### SUPPLIED ENTRIES

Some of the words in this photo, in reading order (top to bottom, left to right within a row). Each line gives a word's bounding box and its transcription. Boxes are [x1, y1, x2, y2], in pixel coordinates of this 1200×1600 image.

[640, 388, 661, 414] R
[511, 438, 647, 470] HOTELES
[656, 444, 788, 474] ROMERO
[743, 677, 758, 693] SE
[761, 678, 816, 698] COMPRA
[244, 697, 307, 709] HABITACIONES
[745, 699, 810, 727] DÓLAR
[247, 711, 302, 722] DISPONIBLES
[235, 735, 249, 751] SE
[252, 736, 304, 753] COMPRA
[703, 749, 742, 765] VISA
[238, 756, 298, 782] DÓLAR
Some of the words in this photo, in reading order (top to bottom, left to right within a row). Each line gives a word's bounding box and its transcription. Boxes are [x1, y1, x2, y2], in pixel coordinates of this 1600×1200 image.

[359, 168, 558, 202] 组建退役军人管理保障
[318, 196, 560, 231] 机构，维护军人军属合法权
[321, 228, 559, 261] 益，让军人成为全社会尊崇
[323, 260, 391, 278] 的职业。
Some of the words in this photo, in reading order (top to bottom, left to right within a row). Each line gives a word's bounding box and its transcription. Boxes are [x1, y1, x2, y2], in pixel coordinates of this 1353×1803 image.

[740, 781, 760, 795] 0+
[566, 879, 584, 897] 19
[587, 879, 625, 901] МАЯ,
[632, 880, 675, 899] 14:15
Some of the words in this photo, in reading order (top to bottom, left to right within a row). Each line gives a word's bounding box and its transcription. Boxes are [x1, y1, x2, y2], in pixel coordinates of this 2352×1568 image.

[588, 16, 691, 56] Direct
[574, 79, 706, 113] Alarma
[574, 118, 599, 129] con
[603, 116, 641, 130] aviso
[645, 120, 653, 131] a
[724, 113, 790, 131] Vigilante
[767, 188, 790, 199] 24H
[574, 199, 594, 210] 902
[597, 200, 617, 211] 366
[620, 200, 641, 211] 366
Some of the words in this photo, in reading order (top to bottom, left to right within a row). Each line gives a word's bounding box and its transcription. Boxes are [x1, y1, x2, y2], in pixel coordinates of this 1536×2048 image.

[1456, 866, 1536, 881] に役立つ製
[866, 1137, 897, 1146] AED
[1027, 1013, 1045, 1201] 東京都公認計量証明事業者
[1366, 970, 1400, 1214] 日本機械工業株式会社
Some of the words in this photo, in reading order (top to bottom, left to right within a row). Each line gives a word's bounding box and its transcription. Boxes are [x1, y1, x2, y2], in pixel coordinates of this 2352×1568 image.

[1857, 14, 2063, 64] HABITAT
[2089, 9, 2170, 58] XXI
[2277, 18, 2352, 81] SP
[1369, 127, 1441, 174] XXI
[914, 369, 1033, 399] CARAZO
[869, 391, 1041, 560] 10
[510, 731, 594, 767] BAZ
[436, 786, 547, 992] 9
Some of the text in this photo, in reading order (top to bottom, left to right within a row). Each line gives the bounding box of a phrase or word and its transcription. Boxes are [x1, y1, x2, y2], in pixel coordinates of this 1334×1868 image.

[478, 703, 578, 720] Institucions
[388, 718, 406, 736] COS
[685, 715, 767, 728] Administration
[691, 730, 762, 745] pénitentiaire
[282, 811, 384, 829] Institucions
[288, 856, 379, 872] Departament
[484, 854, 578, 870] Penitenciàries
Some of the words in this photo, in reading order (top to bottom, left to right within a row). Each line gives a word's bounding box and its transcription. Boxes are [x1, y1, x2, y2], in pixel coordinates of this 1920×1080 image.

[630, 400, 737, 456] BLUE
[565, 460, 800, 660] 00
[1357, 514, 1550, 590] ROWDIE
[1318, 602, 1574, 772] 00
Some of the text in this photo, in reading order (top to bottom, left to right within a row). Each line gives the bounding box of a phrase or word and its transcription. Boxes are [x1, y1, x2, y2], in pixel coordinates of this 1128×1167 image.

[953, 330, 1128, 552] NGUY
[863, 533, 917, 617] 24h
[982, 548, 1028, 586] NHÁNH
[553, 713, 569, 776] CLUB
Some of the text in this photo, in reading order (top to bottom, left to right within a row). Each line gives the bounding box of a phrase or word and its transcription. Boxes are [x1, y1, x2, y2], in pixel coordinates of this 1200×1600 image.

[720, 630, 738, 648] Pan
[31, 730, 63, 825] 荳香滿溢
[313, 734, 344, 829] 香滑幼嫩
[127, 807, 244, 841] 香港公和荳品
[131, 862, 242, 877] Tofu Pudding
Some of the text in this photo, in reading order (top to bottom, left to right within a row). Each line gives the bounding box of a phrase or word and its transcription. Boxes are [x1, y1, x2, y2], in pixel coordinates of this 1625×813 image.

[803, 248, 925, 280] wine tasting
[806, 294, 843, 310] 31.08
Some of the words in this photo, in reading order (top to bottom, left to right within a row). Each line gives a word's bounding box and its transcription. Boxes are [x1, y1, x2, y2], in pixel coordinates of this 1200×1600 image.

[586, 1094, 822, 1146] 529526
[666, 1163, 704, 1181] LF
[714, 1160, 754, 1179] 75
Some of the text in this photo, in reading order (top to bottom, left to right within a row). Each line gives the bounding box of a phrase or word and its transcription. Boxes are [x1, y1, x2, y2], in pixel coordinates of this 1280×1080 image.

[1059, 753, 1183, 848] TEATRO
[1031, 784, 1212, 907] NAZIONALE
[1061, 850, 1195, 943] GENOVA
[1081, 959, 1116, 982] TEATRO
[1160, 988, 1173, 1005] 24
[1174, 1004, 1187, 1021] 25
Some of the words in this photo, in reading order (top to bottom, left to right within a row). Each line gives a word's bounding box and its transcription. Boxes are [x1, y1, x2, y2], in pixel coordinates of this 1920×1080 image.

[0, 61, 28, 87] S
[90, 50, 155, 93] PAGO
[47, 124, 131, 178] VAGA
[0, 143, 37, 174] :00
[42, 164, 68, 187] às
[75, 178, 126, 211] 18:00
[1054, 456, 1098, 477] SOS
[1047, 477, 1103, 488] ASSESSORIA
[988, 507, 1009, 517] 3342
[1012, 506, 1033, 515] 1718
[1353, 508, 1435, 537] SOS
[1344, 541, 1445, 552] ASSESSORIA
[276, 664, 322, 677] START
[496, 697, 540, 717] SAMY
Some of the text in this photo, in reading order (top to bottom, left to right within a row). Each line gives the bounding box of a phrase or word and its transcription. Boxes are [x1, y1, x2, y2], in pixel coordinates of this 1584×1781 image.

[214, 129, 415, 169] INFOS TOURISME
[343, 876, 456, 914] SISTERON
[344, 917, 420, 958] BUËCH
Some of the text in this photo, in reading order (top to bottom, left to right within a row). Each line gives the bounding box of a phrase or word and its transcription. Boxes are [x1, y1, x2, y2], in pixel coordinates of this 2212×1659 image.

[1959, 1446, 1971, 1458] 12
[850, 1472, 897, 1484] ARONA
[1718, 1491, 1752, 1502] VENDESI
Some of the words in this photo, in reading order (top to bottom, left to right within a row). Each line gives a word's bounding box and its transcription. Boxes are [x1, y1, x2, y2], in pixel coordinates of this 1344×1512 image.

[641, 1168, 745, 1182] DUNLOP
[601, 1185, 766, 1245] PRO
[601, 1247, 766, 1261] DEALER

### YOUR ASSIGNMENT
Your reply must repeat the entries above exactly and in full.

### EXERCISE SOLUTION
Some of the words in this photo, in reading order (top to bottom, left to right within a row). Each line gives a word's bounding box and its transcription. Boxes are [x1, y1, x2, y2], in pixel coordinates of this 1200×1600 image.

[640, 388, 661, 414] R
[511, 438, 647, 470] HOTELES
[656, 444, 788, 474] ROMERO
[743, 677, 758, 693] SE
[761, 678, 816, 698] COMPRA
[244, 697, 307, 709] HABITACIONES
[745, 699, 810, 727] DÓLAR
[247, 711, 302, 722] DISPONIBLES
[235, 735, 249, 751] SE
[252, 736, 304, 753] COMPRA
[703, 749, 742, 765] VISA
[238, 756, 298, 782] DÓLAR
Some of the words in this photo, in reading order (top to bottom, left to right within a row). Each line gives a word's bounding box and its transcription. Boxes are [x1, y1, x2, y2], in pixel coordinates of this 1600×1200 image.

[359, 168, 558, 202] 组建退役军人管理保障
[318, 196, 560, 231] 机构，维护军人军属合法权
[321, 228, 559, 261] 益，让军人成为全社会尊崇
[323, 260, 391, 278] 的职业。
Some of the words in this photo, in reading order (top to bottom, left to right within a row). Each line gives a word's bounding box and its transcription. Boxes are [x1, y1, x2, y2], in pixel coordinates of this 1353×1803 image.

[740, 781, 760, 795] 0+
[566, 879, 584, 897] 19
[587, 879, 625, 901] МАЯ,
[632, 880, 675, 899] 14:15
Some of the words in this photo, in reading order (top to bottom, left to right within a row). Each line gives a word's bounding box and its transcription. Boxes are [x1, y1, x2, y2], in pixel coordinates of this 2352×1568 image.

[588, 16, 691, 56] Direct
[574, 79, 706, 113] Alarma
[574, 118, 599, 129] con
[603, 116, 641, 130] aviso
[645, 120, 653, 131] a
[724, 113, 790, 131] Vigilante
[767, 188, 790, 199] 24H
[574, 199, 594, 210] 902
[597, 200, 617, 211] 366
[620, 200, 641, 211] 366
Some of the words in this photo, in reading order (top to bottom, left to right within a row). Each line gives a word's bounding box and its transcription. Boxes are [x1, y1, x2, y2], in pixel coordinates of this 1536×2048 image.

[1456, 866, 1536, 881] に役立つ製
[866, 1137, 897, 1146] AED
[1027, 1013, 1045, 1201] 東京都公認計量証明事業者
[1366, 970, 1400, 1214] 日本機械工業株式会社
Some of the words in this photo, in reading order (top to bottom, left to right within a row). Each line gives a word's bounding box and its transcription. Boxes are [x1, y1, x2, y2], in pixel coordinates of this 2352×1568 image.

[1857, 14, 2063, 64] HABITAT
[2089, 9, 2170, 58] XXI
[2277, 18, 2352, 81] SP
[1369, 127, 1441, 174] XXI
[914, 369, 1033, 399] CARAZO
[869, 391, 1041, 560] 10
[510, 731, 594, 767] BAZ
[436, 786, 547, 992] 9
Some of the text in this photo, in reading order (top to bottom, left to right within a row). Each line gives the bounding box of a phrase or word and its transcription. Boxes are [x1, y1, x2, y2], in pixel coordinates of this 1334×1868 image.

[478, 703, 578, 720] Institucions
[388, 718, 406, 736] COS
[685, 715, 767, 728] Administration
[691, 730, 762, 745] pénitentiaire
[282, 811, 384, 829] Institucions
[288, 856, 379, 872] Departament
[484, 854, 578, 870] Penitenciàries
Some of the words in this photo, in reading order (top to bottom, left to right within a row). Each line gives a word's bounding box and its transcription. Boxes are [x1, y1, x2, y2], in pixel coordinates of this 1920×1080 image.

[630, 400, 737, 456] BLUE
[565, 460, 800, 660] 00
[1357, 514, 1550, 590] ROWDIE
[1318, 602, 1574, 772] 00
Some of the text in this photo, in reading order (top to bottom, left to right within a row). Each line gives the bounding box of a phrase or word and its transcription. Boxes are [x1, y1, x2, y2], in pixel coordinates of this 1128×1167 image.

[953, 330, 1128, 552] NGUY
[863, 533, 917, 617] 24h
[982, 548, 1028, 586] NHÁNH
[553, 713, 569, 776] CLUB
Some of the text in this photo, in reading order (top to bottom, left to right within a row). Each line gives the bounding box of a phrase or word and its transcription. Boxes are [x1, y1, x2, y2], in pixel coordinates of this 1200×1600 image.

[720, 630, 738, 648] Pan
[31, 730, 63, 825] 荳香滿溢
[313, 734, 344, 829] 香滑幼嫩
[127, 807, 244, 841] 香港公和荳品
[131, 862, 242, 877] Tofu Pudding
Some of the text in this photo, in reading order (top to bottom, left to right within a row). Each line gives the bounding box of a phrase or word and its transcription. Boxes are [x1, y1, x2, y2], in pixel coordinates of this 1625×813 image.

[803, 248, 925, 280] wine tasting
[806, 294, 843, 310] 31.08
Some of the words in this photo, in reading order (top to bottom, left to right within a row). Each line gives a word's bounding box and its transcription. Boxes are [x1, y1, x2, y2], in pixel coordinates of this 1200×1600 image.

[586, 1094, 822, 1146] 529526
[666, 1163, 704, 1181] LF
[714, 1160, 754, 1179] 75
Some of the text in this photo, in reading order (top to bottom, left to right within a row). Each line gives the bounding box of a phrase or word and its transcription. Boxes are [x1, y1, x2, y2], in pixel coordinates of this 1280×1080 image.

[1059, 753, 1183, 848] TEATRO
[1031, 784, 1212, 907] NAZIONALE
[1061, 850, 1195, 943] GENOVA
[1081, 959, 1116, 982] TEATRO
[1160, 988, 1173, 1005] 24
[1174, 1004, 1187, 1021] 25
Some of the words in this photo, in reading order (top to bottom, left to right within a row). Each line gives a word's bounding box and its transcription. Boxes are [x1, y1, x2, y2], in pixel coordinates of this 1920×1080 image.

[0, 61, 28, 87] S
[90, 50, 155, 93] PAGO
[47, 124, 131, 178] VAGA
[0, 143, 37, 174] :00
[42, 164, 68, 187] às
[75, 178, 126, 211] 18:00
[1054, 456, 1098, 477] SOS
[1047, 477, 1103, 488] ASSESSORIA
[988, 507, 1009, 517] 3342
[1012, 506, 1033, 515] 1718
[1353, 508, 1435, 537] SOS
[1344, 541, 1445, 552] ASSESSORIA
[276, 664, 322, 677] START
[496, 697, 540, 717] SAMY
Some of the text in this photo, in reading order (top to bottom, left to right within a row). Each line gives the bounding box of a phrase or word and its transcription. Boxes are [x1, y1, x2, y2], in pixel coordinates of this 1584×1781 image.

[214, 129, 415, 169] INFOS TOURISME
[343, 876, 456, 914] SISTERON
[344, 917, 420, 958] BUËCH
Some of the text in this photo, in reading order (top to bottom, left to right within a row). Each line gives the bounding box of a phrase or word and its transcription. Boxes are [x1, y1, x2, y2], in pixel coordinates of this 2212×1659 image.

[1959, 1446, 1971, 1458] 12
[850, 1472, 897, 1484] ARONA
[1718, 1491, 1752, 1502] VENDESI
Some of the words in this photo, in reading order (top to bottom, left to right within a row). Each line gives a word's bounding box and its transcription. Boxes are [x1, y1, x2, y2], in pixel coordinates of this 1344×1512 image.

[641, 1168, 745, 1182] DUNLOP
[601, 1185, 766, 1245] PRO
[601, 1247, 766, 1261] DEALER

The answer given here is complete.